Mexico's Attorney General Agrees with Trump, Clashes with López Obrador on Drug War Strategy
The strategy has the support of the Mexican Armed Forces. AG is seeking to modify legislation and return to the old confrontation tactics.

On Wednesday, the decibels were raised in the underground conflict between Mexican President Andrés Manuel López Obrador and his Attorney General Alejandro Gertz Manero. AMLO challenged Mr. Gertz Manero at a press conference and said he did not support some of his judicial reform projects.

LPO revealed that two weeks ago the head of the Supreme Court, Arturo Zaldívar, had told the President that Gertz's plans, which basically overturn the new accusatory penal system that gives prosecutors more investigative power, were not going to be endorsed by the highest court.

Gertz seeks to reinstate a kind of inquisitive justice model that persisted in Mexico throughout its history and that resulted in countless wrongful convictions. AMLO rejects this proposal because he understands that it could trigger an escalation of violence if the new tools are applied against key figures in organized crime. This is the axis of the confrontation that is experienced daily in the meetings of the president's security cabinet. The prosecutor in turn has strong backing from the military and, specifically, from Admiral Rafael Ojeda.

Mexico fears use of National Guard against immigrants will create an attractive market for drug cartels

U.S. Attorney General William Barr.

Gertz's hard-line strategy is further supported by Donald Trump's Attorney General William Barr, who also promotes the idea of an all-out prosecution of drug lords.

The situation is dramatic because, in contrast to the economic sphere, where the President insists that the situation is better than what the opposition says, in the security sphere there is no divergence: AMLO wants results because he knows that the numbers are inescapable. Violence in Mexico is escalating.

Faced with this demand, Gertz and the hard wing of the Security cabinet are going for an extreme hardening that also comes with a permanent addition: the departure of Secretary of Security Alfonso Durazo. And perhaps behind this concern is the explanation for the rumors of an imminent departure -which, strictly speaking, has never materialized.

The problem is that AMLO does not want to give so much power to Gertz. This is one of the reasons why the President wanted him as head of the National Guard rather than as Attorney General. But the Senate favored him out of the three options laid out by the president.

 Former Mexican President Felipe Calderón and Genaro García Luna.  

The possibility of Gertz's resignation is remote. With discretion, the prosecutor has in his favor a powerful lobby among governors, businessmen, military and diplomatic representatives who advocate on his behalf.
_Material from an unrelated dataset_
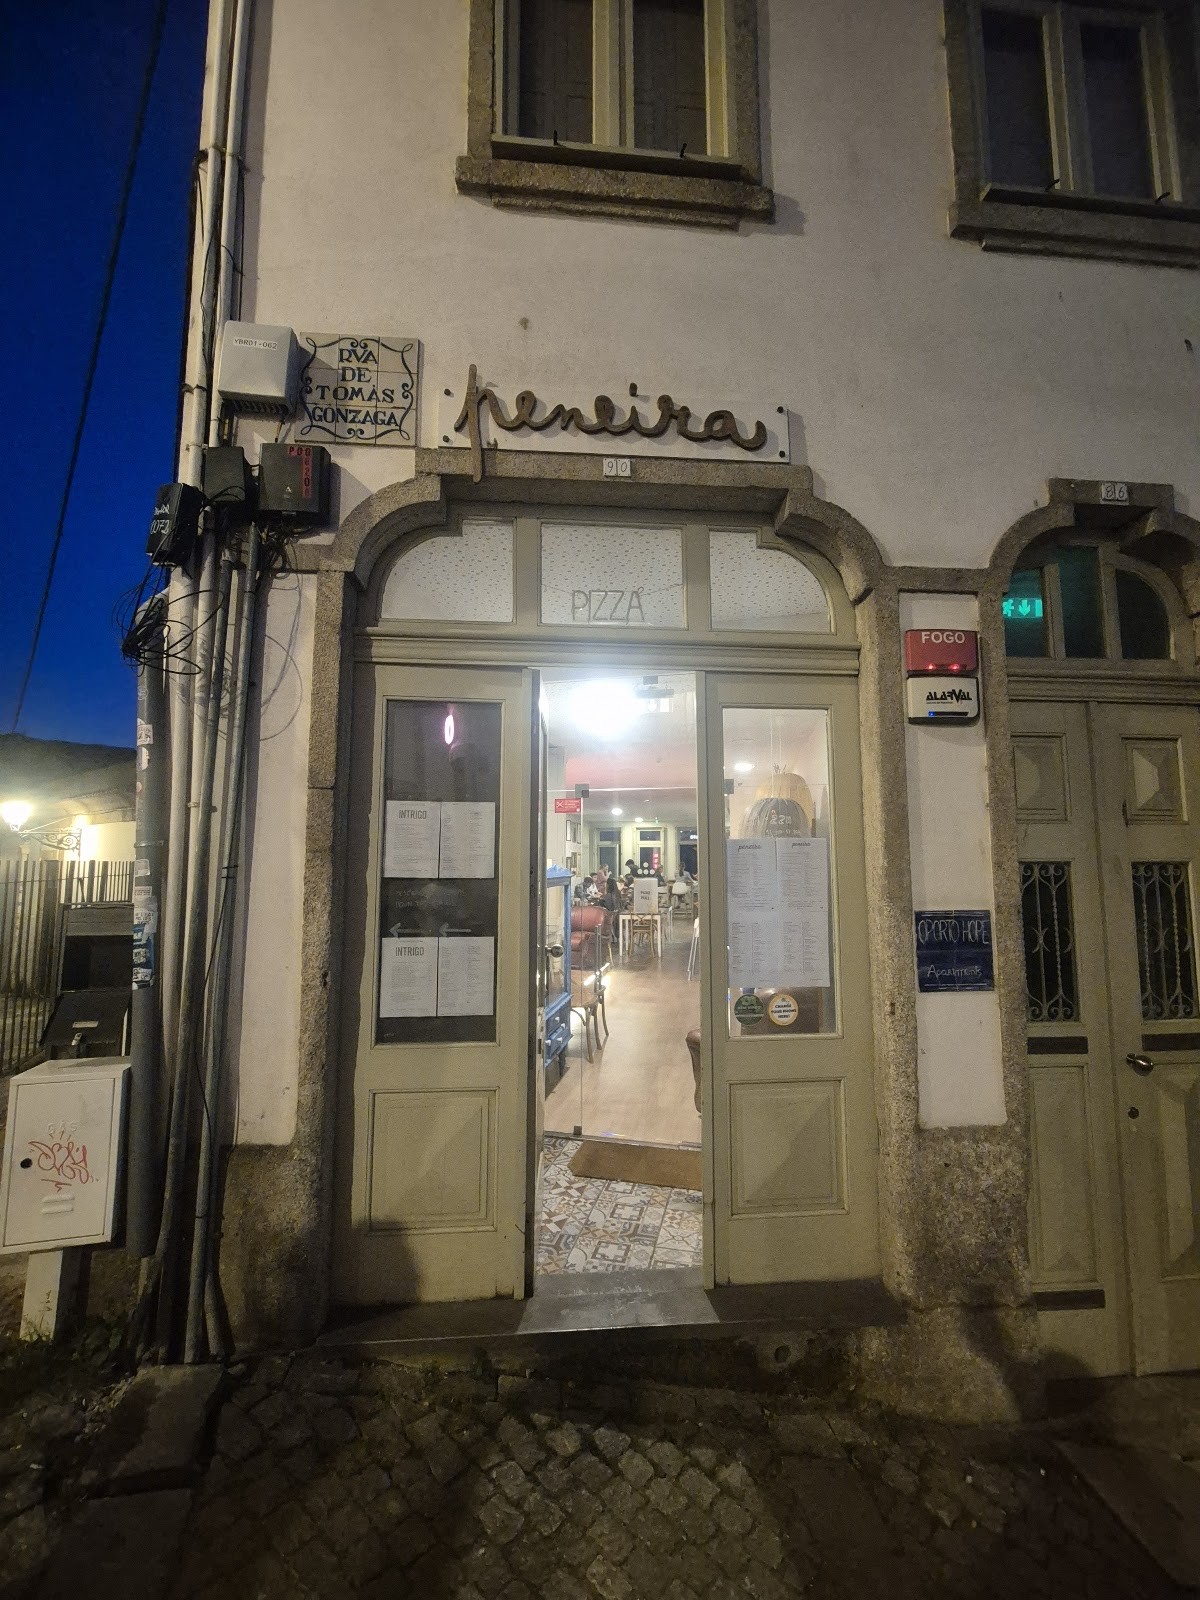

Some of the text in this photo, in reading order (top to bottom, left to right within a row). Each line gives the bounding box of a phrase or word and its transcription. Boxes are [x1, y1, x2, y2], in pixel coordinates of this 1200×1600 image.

Gertz will not leave office, although the president may be seen questioning him more often in his contacts with the press.

However, his detractors in the presidential environment point to a weak flank: the arrest of Former Security Secretary Genaro García Luna in the US. He has had a stormy relationship with Gertz since the Vicente Fox administration (2000-2006), which included a strange episode at New York's JFK airport, a story that Foreign Secretary Jorge Castañeda often recalls in his conversations. Not for nothing has Gertz remained absolutely silent about that decisive arrest.